Courtney R. Baker is Associate Professor of English at University of California, Riverside. She is the author of Humane Insight: Looking at Images of African American Suffering and Death (Illinois, 2015) and numerous articles on film that have appeared in the Journal of Cinema and Media Studies, Camera Obscura, and liquid blackness.

Ellen C. Scott is Associate Professor of Cinema and Media Studies at UCLA. Her work explores the role of Black thought, labor, and writing across film history. Her first book Cinema Civil Rights (Rutgers University Press, 2015) exposes the Classical Hollywood-era studio system’s careful repression of civil rights but also the stuttered appearance of these issues through latent, symptomatic signifiers. After tracing these films from their first conception through restrictions imposed on them by industry and state censors, the study ends by assessing how Black political figures and journalists turned Hollywood’s repressed racial imagery into fodder for their own resistant spectatorship and full-blown civil rights demands. An Academy scholar, she is currently working on two book projects, one exploring Black women’s critical writing on the cinema from the birth of cinema through to the early 1980s when Kathleen Collins and Jessie Maple became the first Black women to make feature films. Her second project examines the intersections between the history of slavery and American film history.

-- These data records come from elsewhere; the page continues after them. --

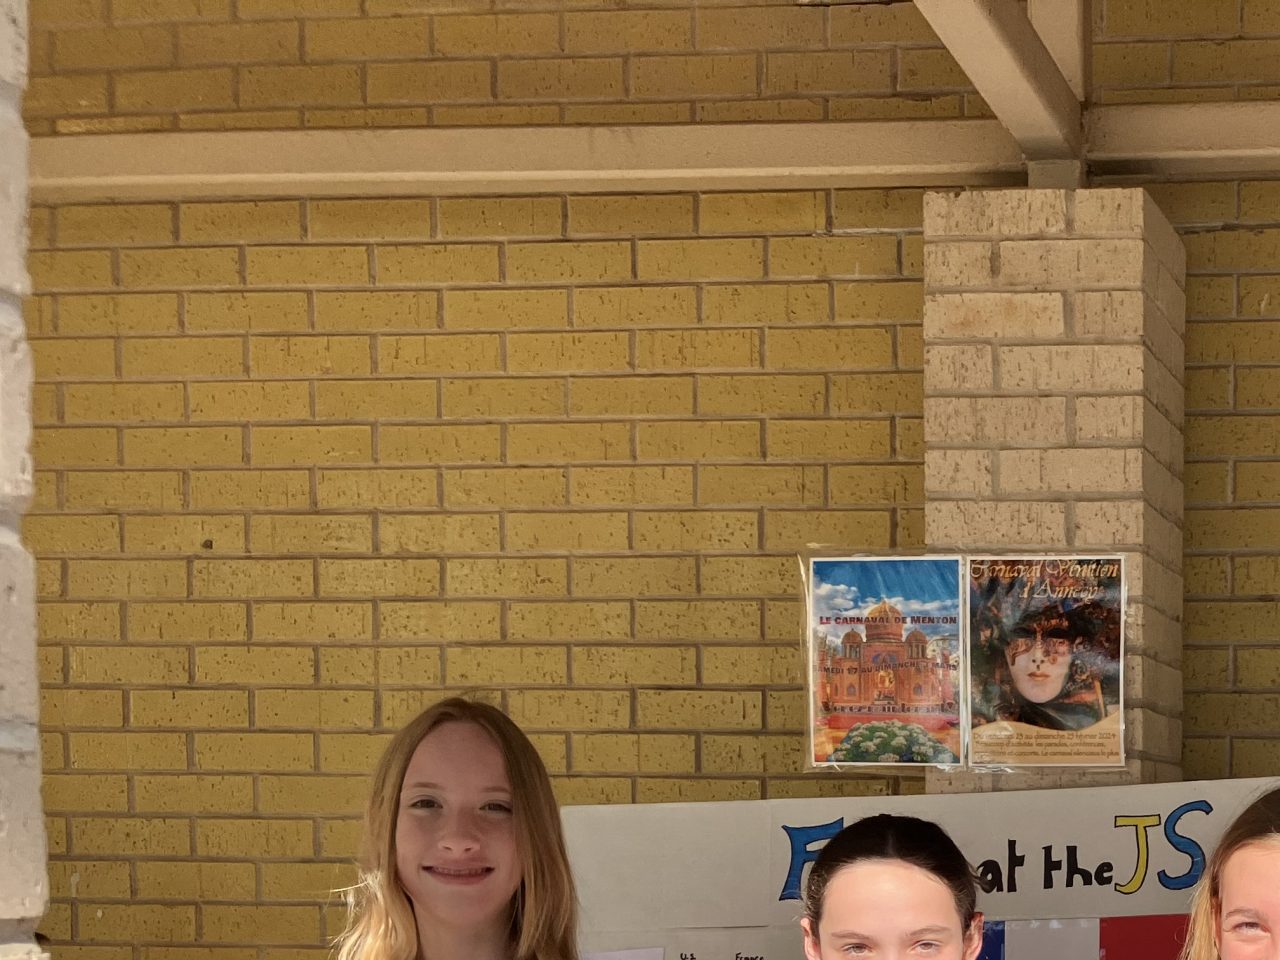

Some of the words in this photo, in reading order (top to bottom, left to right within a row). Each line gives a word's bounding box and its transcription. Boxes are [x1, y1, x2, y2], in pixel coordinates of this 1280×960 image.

[819, 615, 831, 625] LE
[834, 616, 890, 625] CARNAVAL
[894, 616, 908, 625] DE
[975, 838, 1026, 894] at
[1042, 844, 1114, 890] the
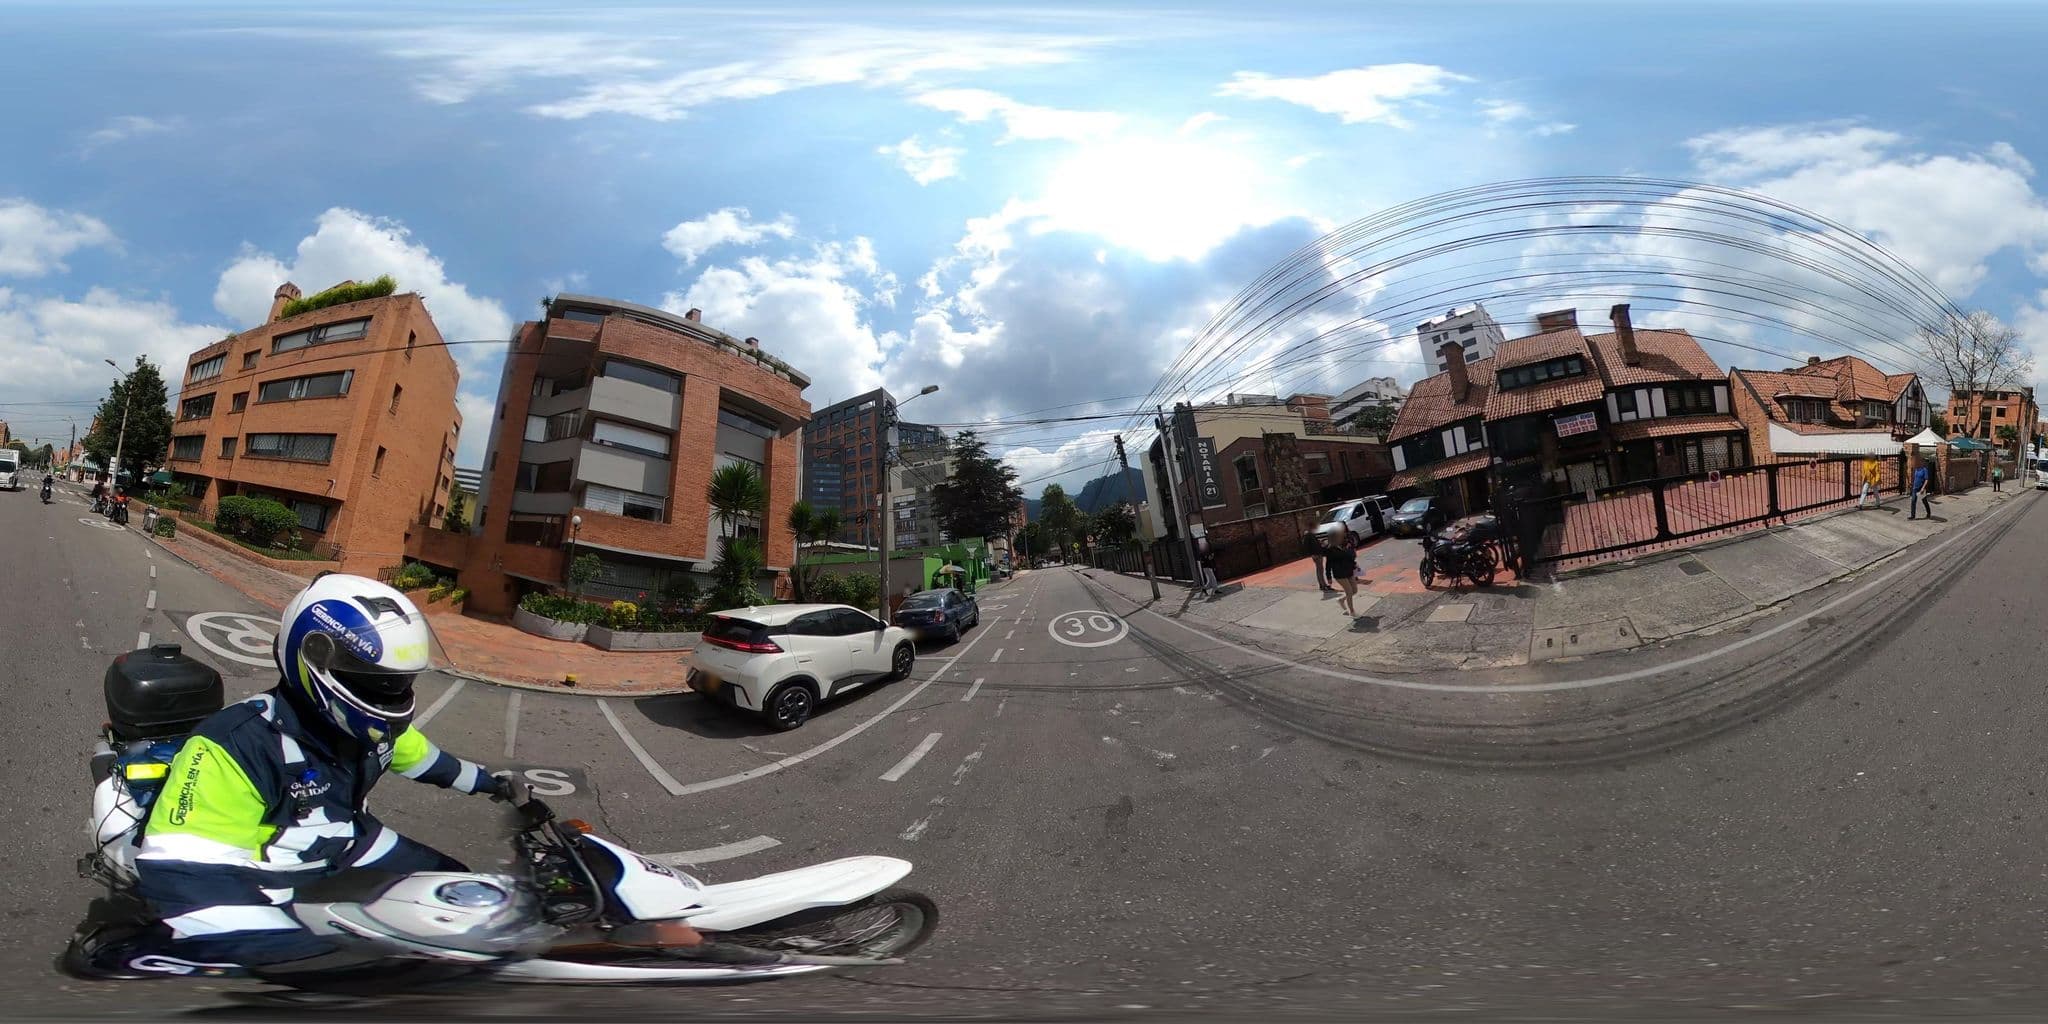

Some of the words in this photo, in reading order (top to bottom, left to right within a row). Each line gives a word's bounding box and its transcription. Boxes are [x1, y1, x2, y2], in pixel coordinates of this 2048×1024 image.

[1197, 442, 1214, 484] NOTARIA
[1206, 487, 1217, 495] 21
[311, 603, 345, 634] GERENCIA
[1063, 615, 1115, 636] 30
[169, 782, 192, 826] GERENCIA
[187, 767, 196, 780] EN
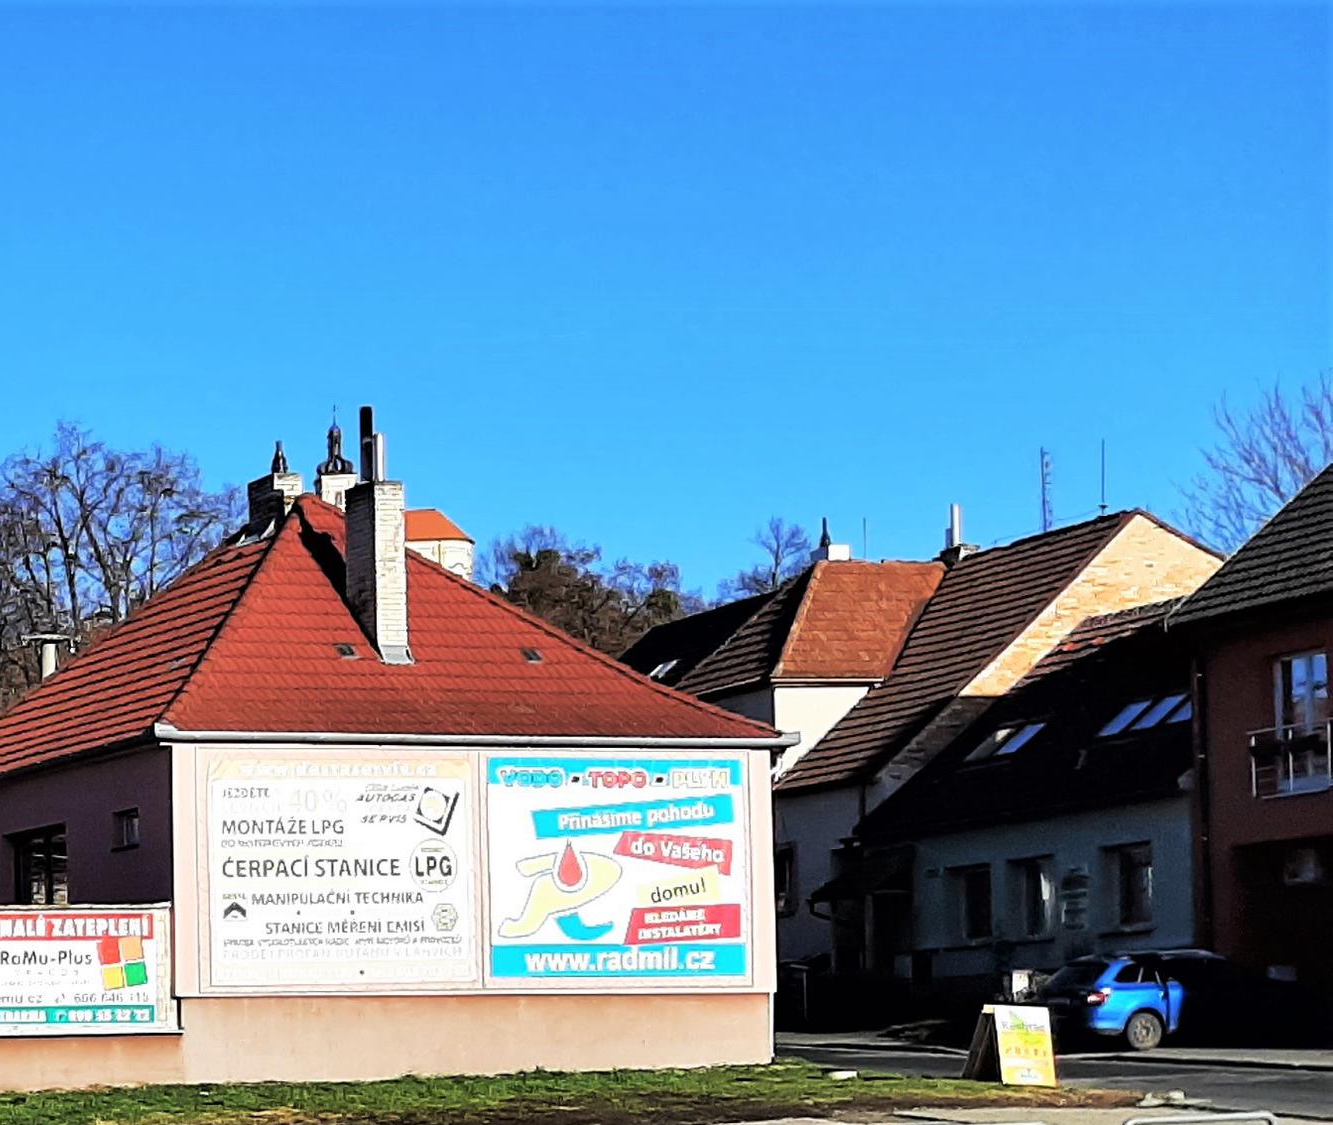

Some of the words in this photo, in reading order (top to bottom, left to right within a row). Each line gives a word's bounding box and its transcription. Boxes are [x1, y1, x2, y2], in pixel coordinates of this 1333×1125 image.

[589, 770, 647, 788] TOPO
[221, 817, 307, 835] MONTÁŽE
[312, 819, 345, 834] LPG
[630, 843, 655, 856] do
[221, 855, 310, 878] ČERPACÍ
[314, 857, 402, 877] STANICE
[415, 855, 453, 877] LPG
[251, 888, 350, 905] MANIPULAČNÍ
[651, 877, 706, 904] domu!
[264, 921, 323, 935] STANICE
[0, 950, 93, 966] RaMu-Plus
[525, 947, 717, 973] www.radmil.cz
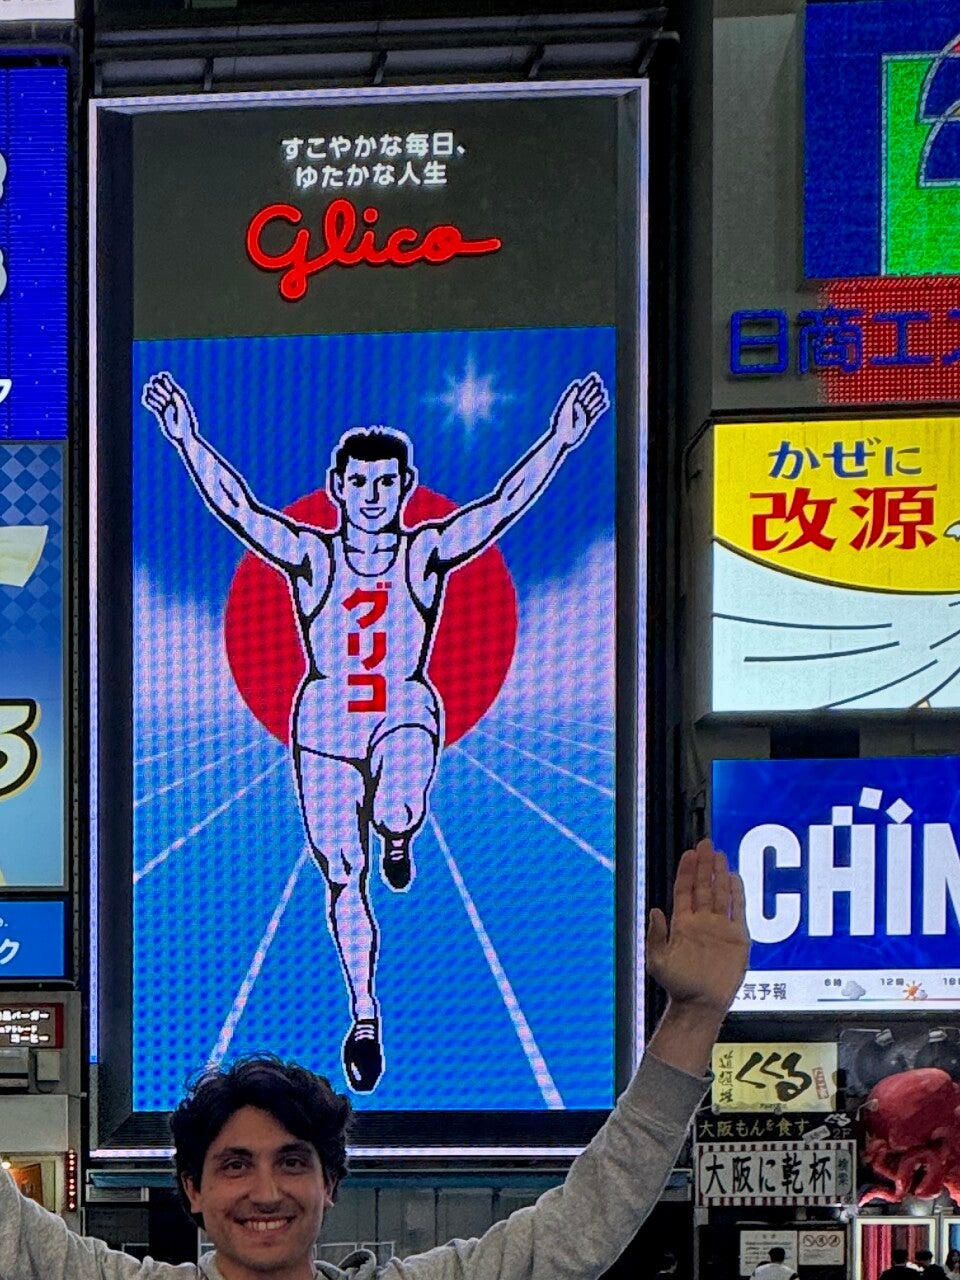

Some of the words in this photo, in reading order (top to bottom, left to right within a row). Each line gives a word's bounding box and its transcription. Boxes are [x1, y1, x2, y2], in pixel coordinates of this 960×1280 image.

[281, 131, 466, 161] すこやかな毎日、
[295, 161, 448, 189] ゆたかな人生
[246, 197, 502, 300] Glico
[767, 436, 923, 480] かぜに
[749, 483, 939, 554] 改源
[341, 582, 393, 713] グリコ
[735, 1051, 813, 1102] くくる
[705, 1152, 832, 1196] 大阪に乾杯

Liz/Elizabeth Reich is Associate Professor of Film and Media Studies at the University of Pittsburgh and author of Militant Visions: Black Soldiers, Internationalism and the Transformation of American Cinema; coedited collection, Justice in Time: Critical Afrofuturism and the Struggle for Black Freedom, is under contract at University of Minnesota Press. Her book-in-progress is “Reparative Ecologies: Time and the Globe” and she is coeditor of special issues, “New Approaches to Cinematic Identification,” in Film Criticism and “Reliquary for the Digital in Nine Key Terms,” in ASAP/J.